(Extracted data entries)
========================
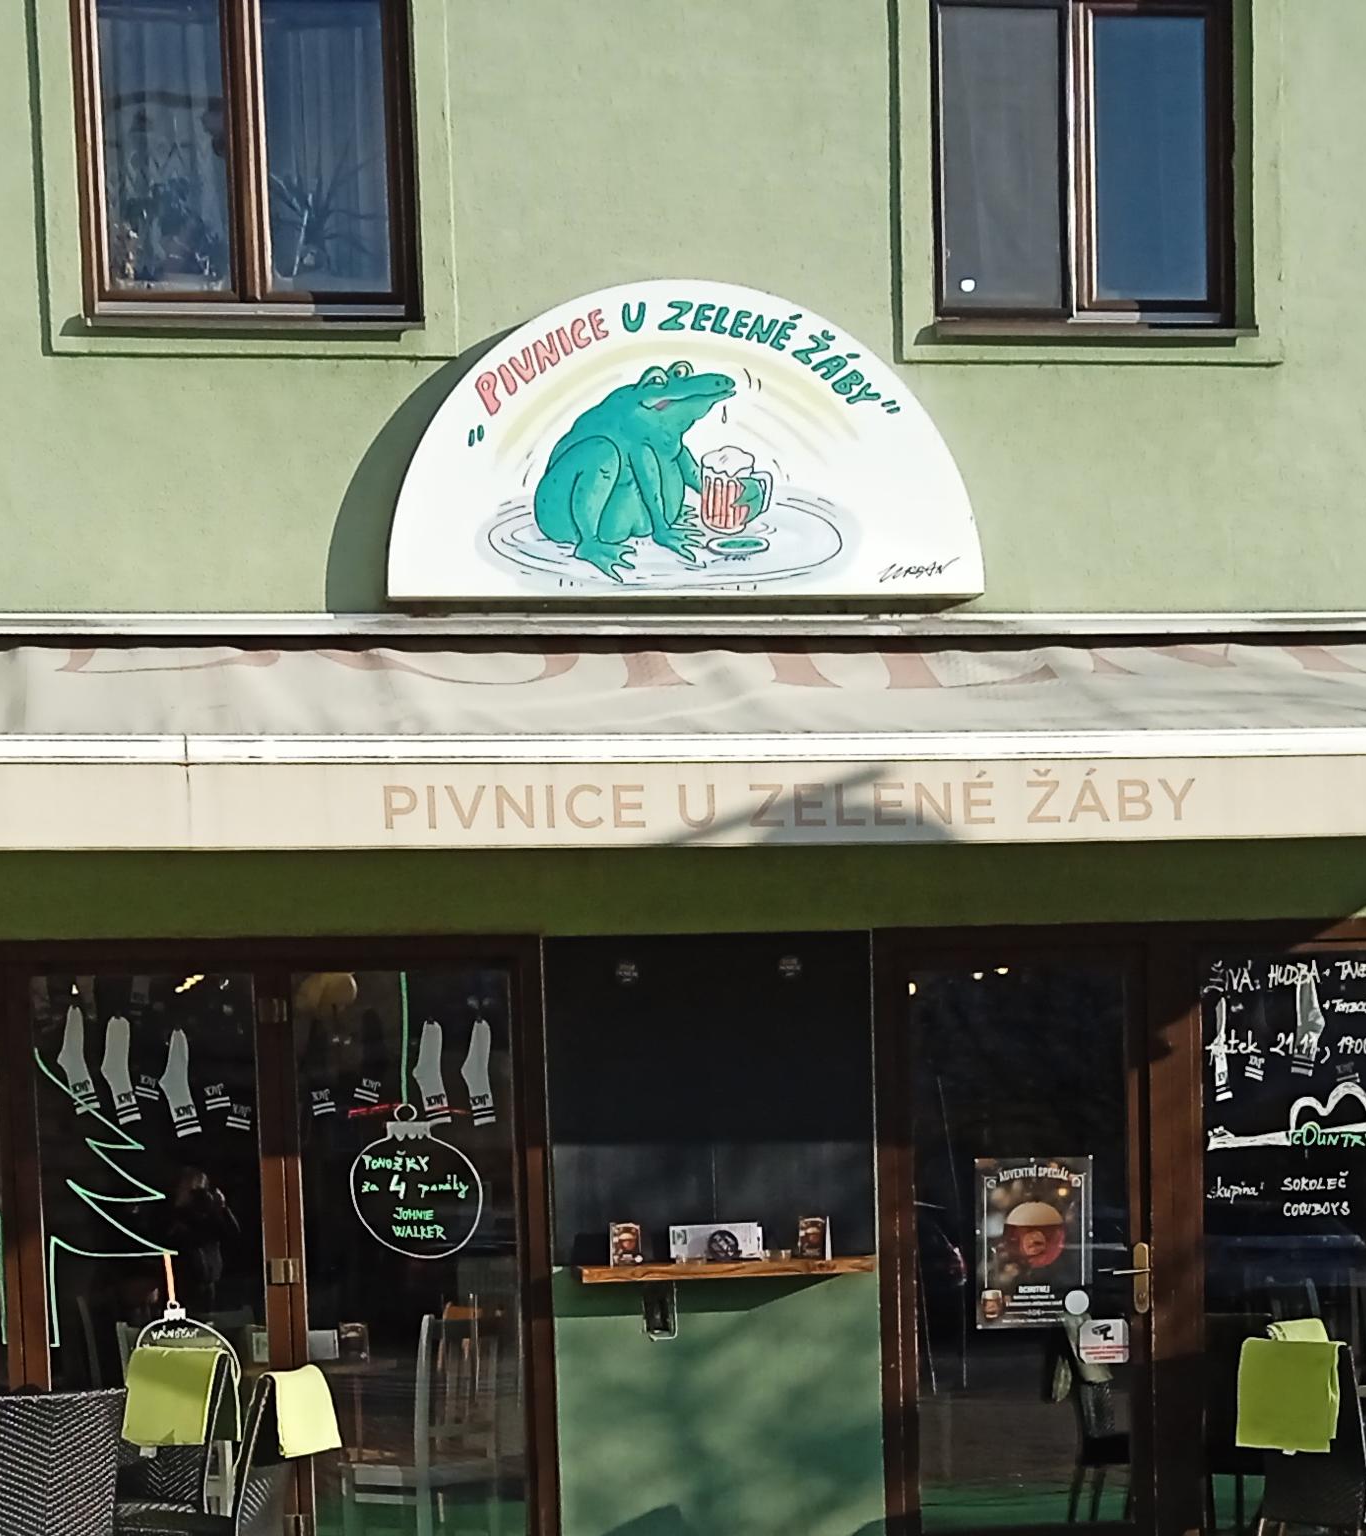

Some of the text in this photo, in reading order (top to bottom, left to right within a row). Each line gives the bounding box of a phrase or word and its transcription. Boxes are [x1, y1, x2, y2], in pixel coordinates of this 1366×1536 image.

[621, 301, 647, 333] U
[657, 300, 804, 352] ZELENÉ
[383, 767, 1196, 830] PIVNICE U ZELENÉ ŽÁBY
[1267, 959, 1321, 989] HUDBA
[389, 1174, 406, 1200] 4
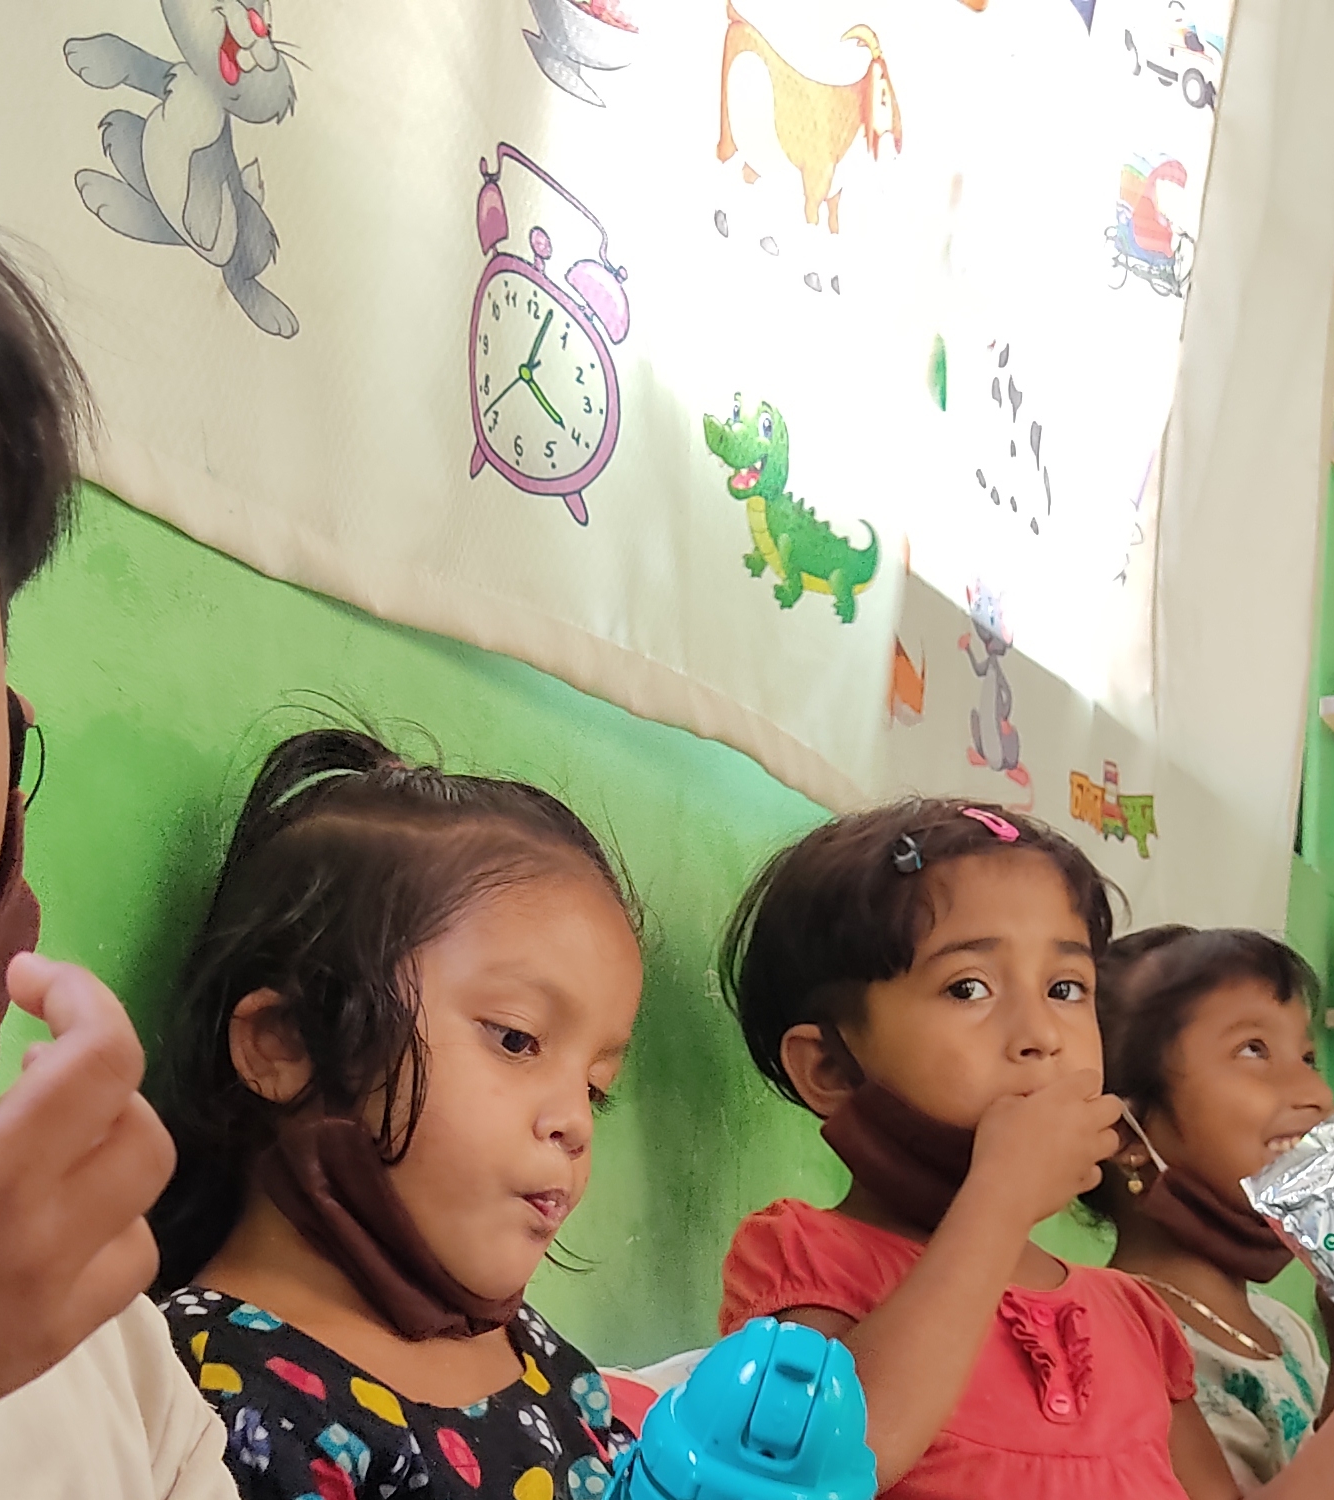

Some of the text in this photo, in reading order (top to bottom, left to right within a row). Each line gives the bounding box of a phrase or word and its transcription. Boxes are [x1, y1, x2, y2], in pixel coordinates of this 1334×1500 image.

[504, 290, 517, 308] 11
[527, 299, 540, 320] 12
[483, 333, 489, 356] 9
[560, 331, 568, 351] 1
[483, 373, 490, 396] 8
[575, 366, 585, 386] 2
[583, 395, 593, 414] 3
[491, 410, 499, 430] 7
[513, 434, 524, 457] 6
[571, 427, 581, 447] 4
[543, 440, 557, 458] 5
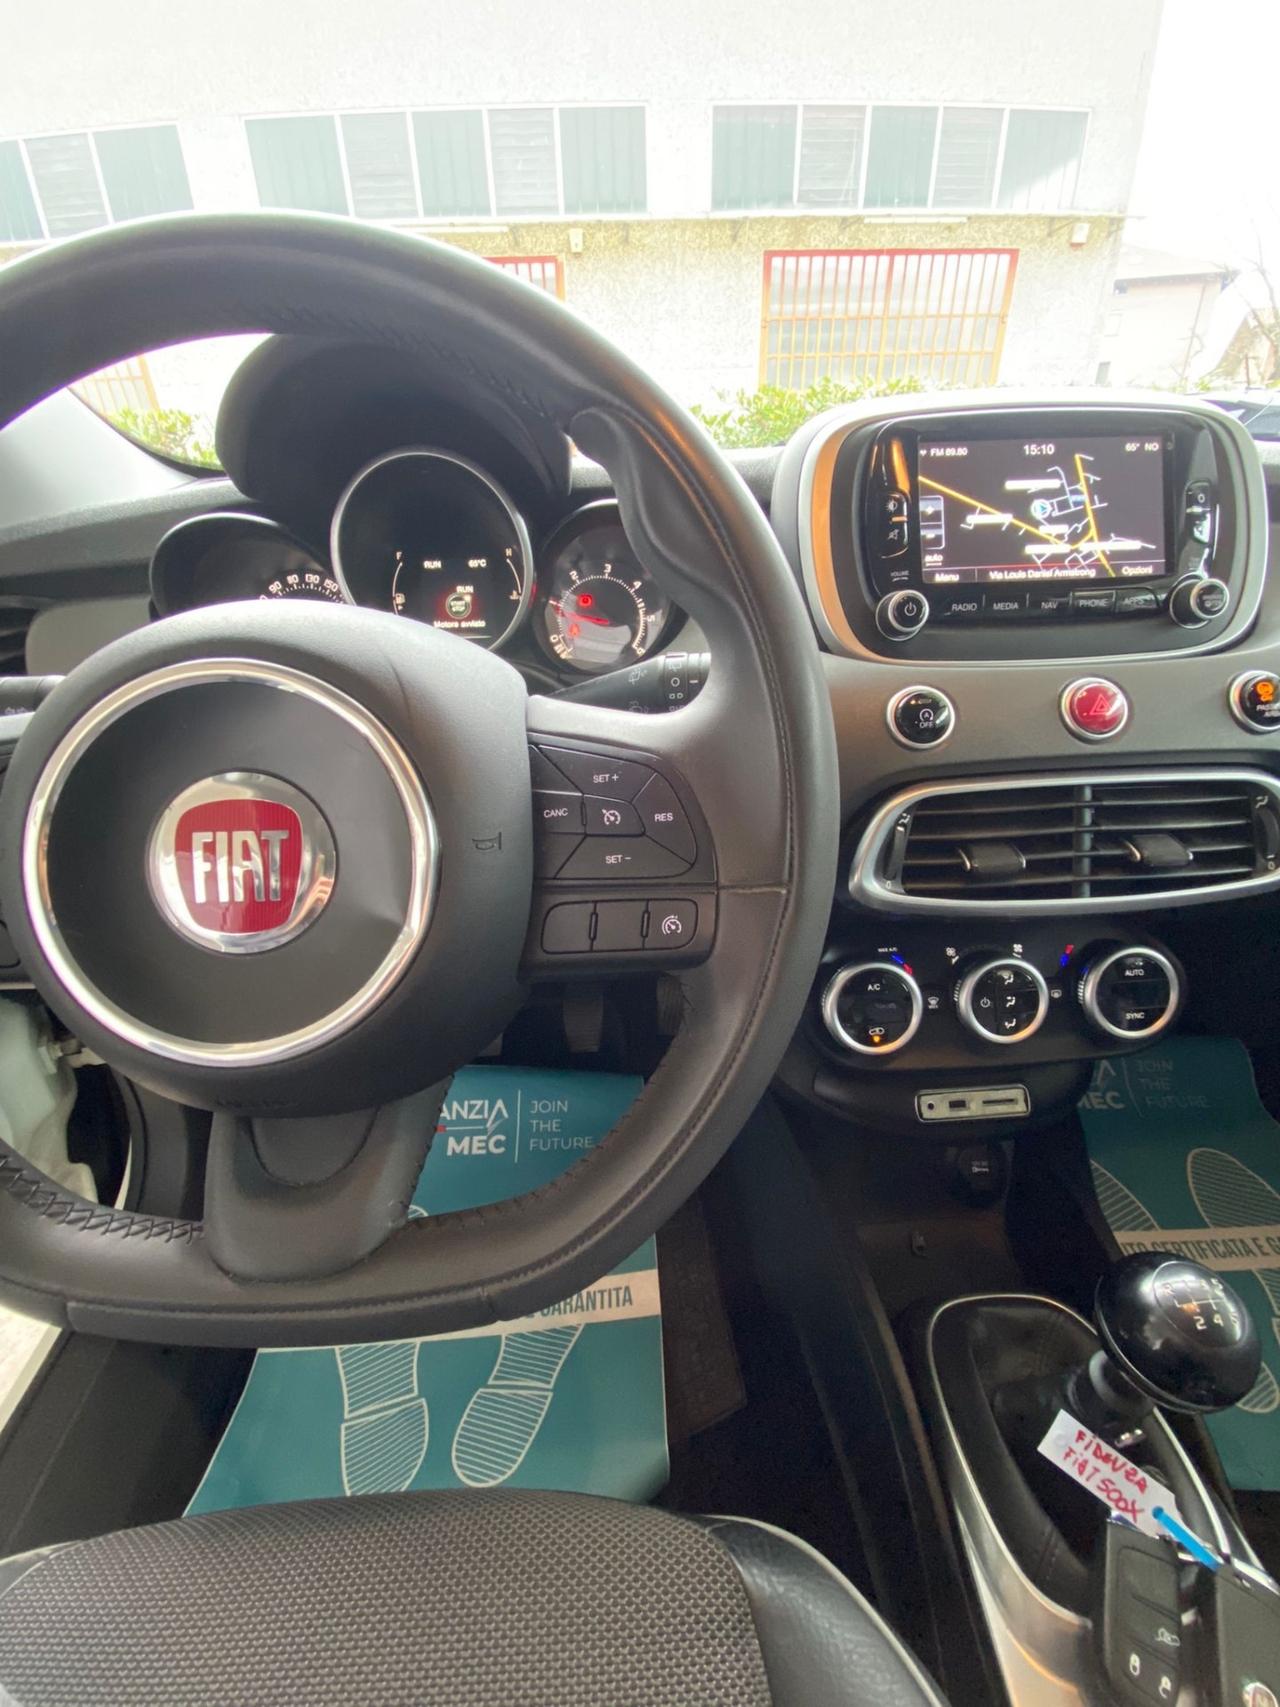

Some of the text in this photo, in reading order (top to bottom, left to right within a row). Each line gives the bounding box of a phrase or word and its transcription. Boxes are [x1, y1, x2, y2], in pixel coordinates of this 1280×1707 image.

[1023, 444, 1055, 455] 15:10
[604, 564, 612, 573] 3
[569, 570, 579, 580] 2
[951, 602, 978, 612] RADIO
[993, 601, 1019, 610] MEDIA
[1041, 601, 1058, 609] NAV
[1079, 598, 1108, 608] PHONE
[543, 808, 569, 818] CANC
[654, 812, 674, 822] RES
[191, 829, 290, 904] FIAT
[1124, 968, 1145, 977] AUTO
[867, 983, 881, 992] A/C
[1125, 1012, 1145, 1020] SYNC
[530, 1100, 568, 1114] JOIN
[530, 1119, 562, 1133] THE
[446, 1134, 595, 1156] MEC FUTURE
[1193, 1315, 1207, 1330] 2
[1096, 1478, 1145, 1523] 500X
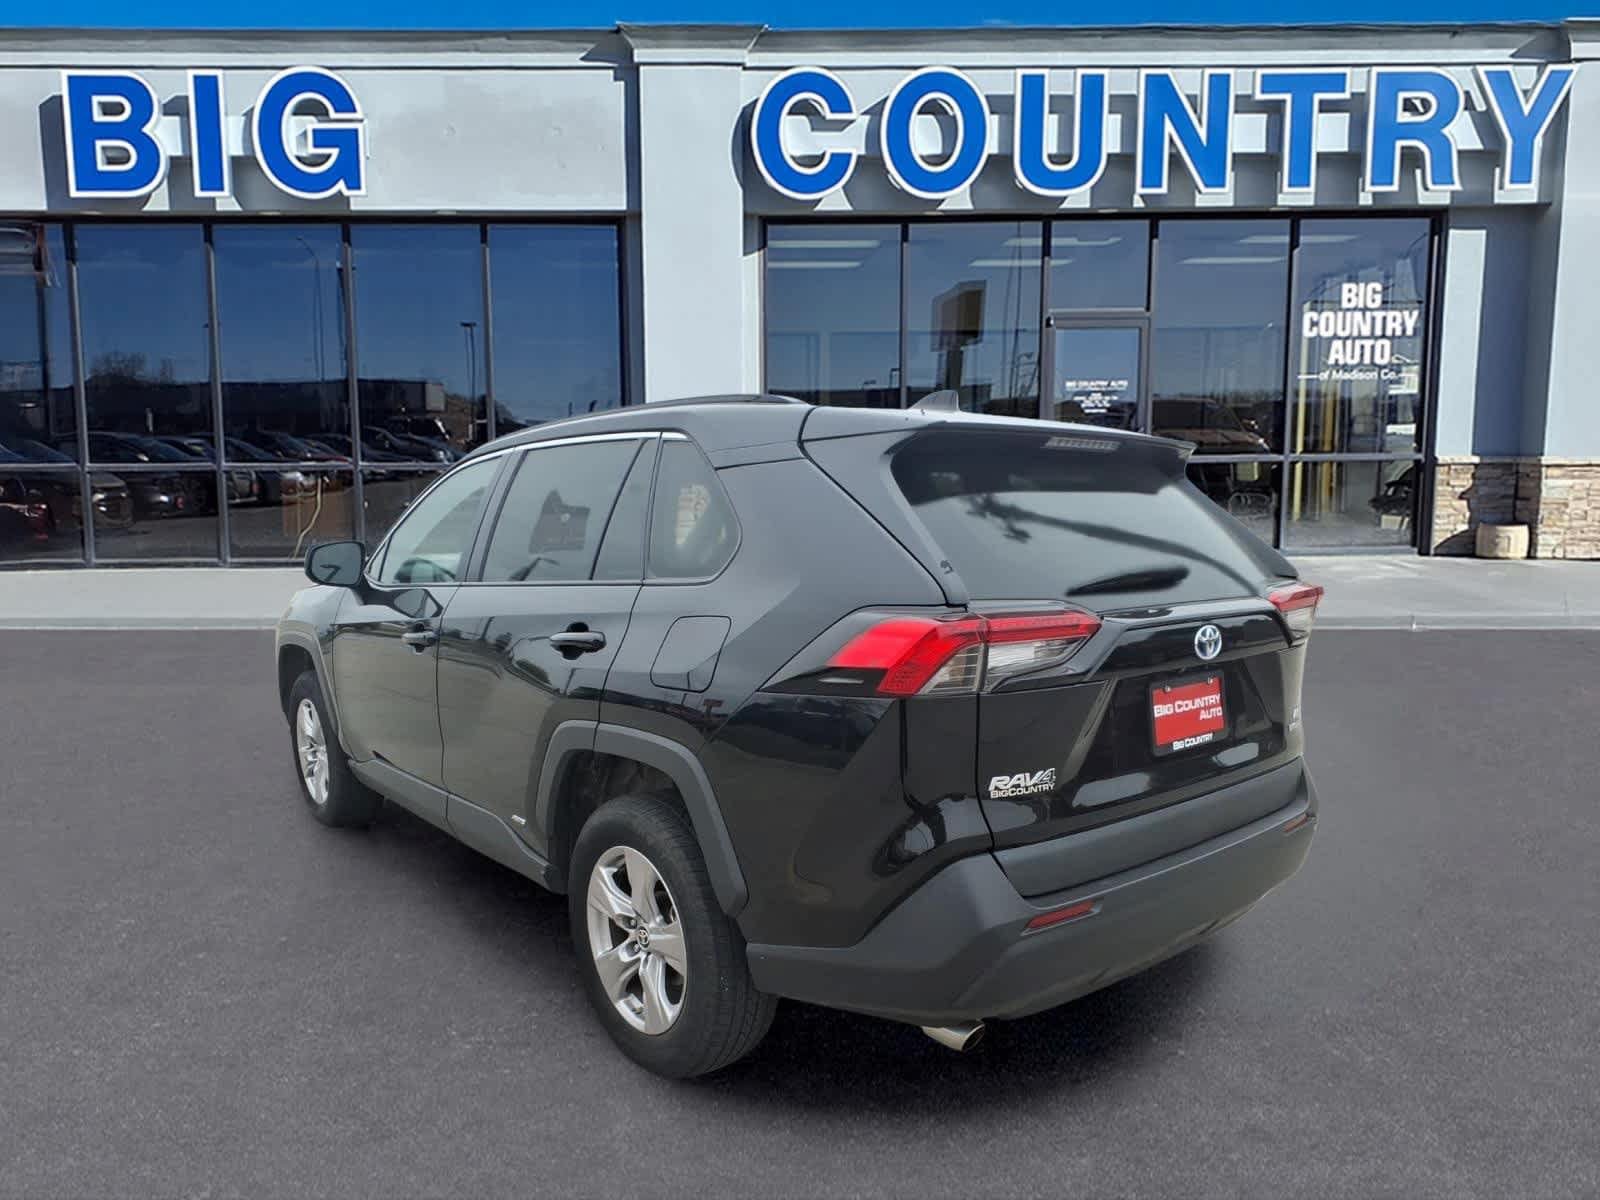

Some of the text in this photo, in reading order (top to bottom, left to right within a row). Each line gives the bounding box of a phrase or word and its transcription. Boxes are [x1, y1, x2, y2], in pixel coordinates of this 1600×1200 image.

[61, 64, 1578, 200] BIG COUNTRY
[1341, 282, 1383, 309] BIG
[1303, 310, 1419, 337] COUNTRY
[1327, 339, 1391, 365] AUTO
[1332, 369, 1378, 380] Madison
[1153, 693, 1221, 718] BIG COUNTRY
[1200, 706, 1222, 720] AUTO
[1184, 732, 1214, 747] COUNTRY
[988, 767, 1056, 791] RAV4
========================
#### Problem requirements:
Give the entries above again exactly, minus their pictures.

#### Your response:
Some of the text in this photo, in reading order (top to bottom, left to right within a row). Each line gives the bounding box of a phrase or word and its transcription. Boxes are [x1, y1, x2, y2], in pixel coordinates of this 1366×1536 image.

[621, 301, 647, 333] U
[657, 300, 804, 352] ZELENÉ
[383, 767, 1196, 830] PIVNICE U ZELENÉ ŽÁBY
[1267, 959, 1321, 989] HUDBA
[389, 1174, 406, 1200] 4

Some of the text in this photo, in reading order (top to bottom, left to right within a row). Each line gives the bounding box of a phrase or word and its transcription. Boxes are [x1, y1, x2, y2], in pixel coordinates of this 1334×1500 image.

[504, 290, 517, 308] 11
[527, 299, 540, 320] 12
[483, 333, 489, 356] 9
[560, 331, 568, 351] 1
[483, 373, 490, 396] 8
[575, 366, 585, 386] 2
[583, 395, 593, 414] 3
[491, 410, 499, 430] 7
[513, 434, 524, 457] 6
[571, 427, 581, 447] 4
[543, 440, 557, 458] 5

Some of the text in this photo, in reading order (top to bottom, left to right within a row). Each line gives the bounding box of a phrase or word and its transcription. Boxes are [x1, y1, x2, y2], in pixel coordinates of this 1280×1707 image.

[1023, 444, 1055, 455] 15:10
[604, 564, 612, 573] 3
[569, 570, 579, 580] 2
[951, 602, 978, 612] RADIO
[993, 601, 1019, 610] MEDIA
[1041, 601, 1058, 609] NAV
[1079, 598, 1108, 608] PHONE
[543, 808, 569, 818] CANC
[654, 812, 674, 822] RES
[191, 829, 290, 904] FIAT
[1124, 968, 1145, 977] AUTO
[867, 983, 881, 992] A/C
[1125, 1012, 1145, 1020] SYNC
[530, 1100, 568, 1114] JOIN
[530, 1119, 562, 1133] THE
[446, 1134, 595, 1156] MEC FUTURE
[1193, 1315, 1207, 1330] 2
[1096, 1478, 1145, 1523] 500X

Some of the text in this photo, in reading order (top to bottom, left to right within a row). Each line gives the bounding box of a phrase or word and its transcription. Boxes are [x1, y1, x2, y2], in pixel coordinates of this 1600×1200 image.

[61, 64, 1578, 200] BIG COUNTRY
[1341, 282, 1383, 309] BIG
[1303, 310, 1419, 337] COUNTRY
[1327, 339, 1391, 365] AUTO
[1332, 369, 1378, 380] Madison
[1153, 693, 1221, 718] BIG COUNTRY
[1200, 706, 1222, 720] AUTO
[1184, 732, 1214, 747] COUNTRY
[988, 767, 1056, 791] RAV4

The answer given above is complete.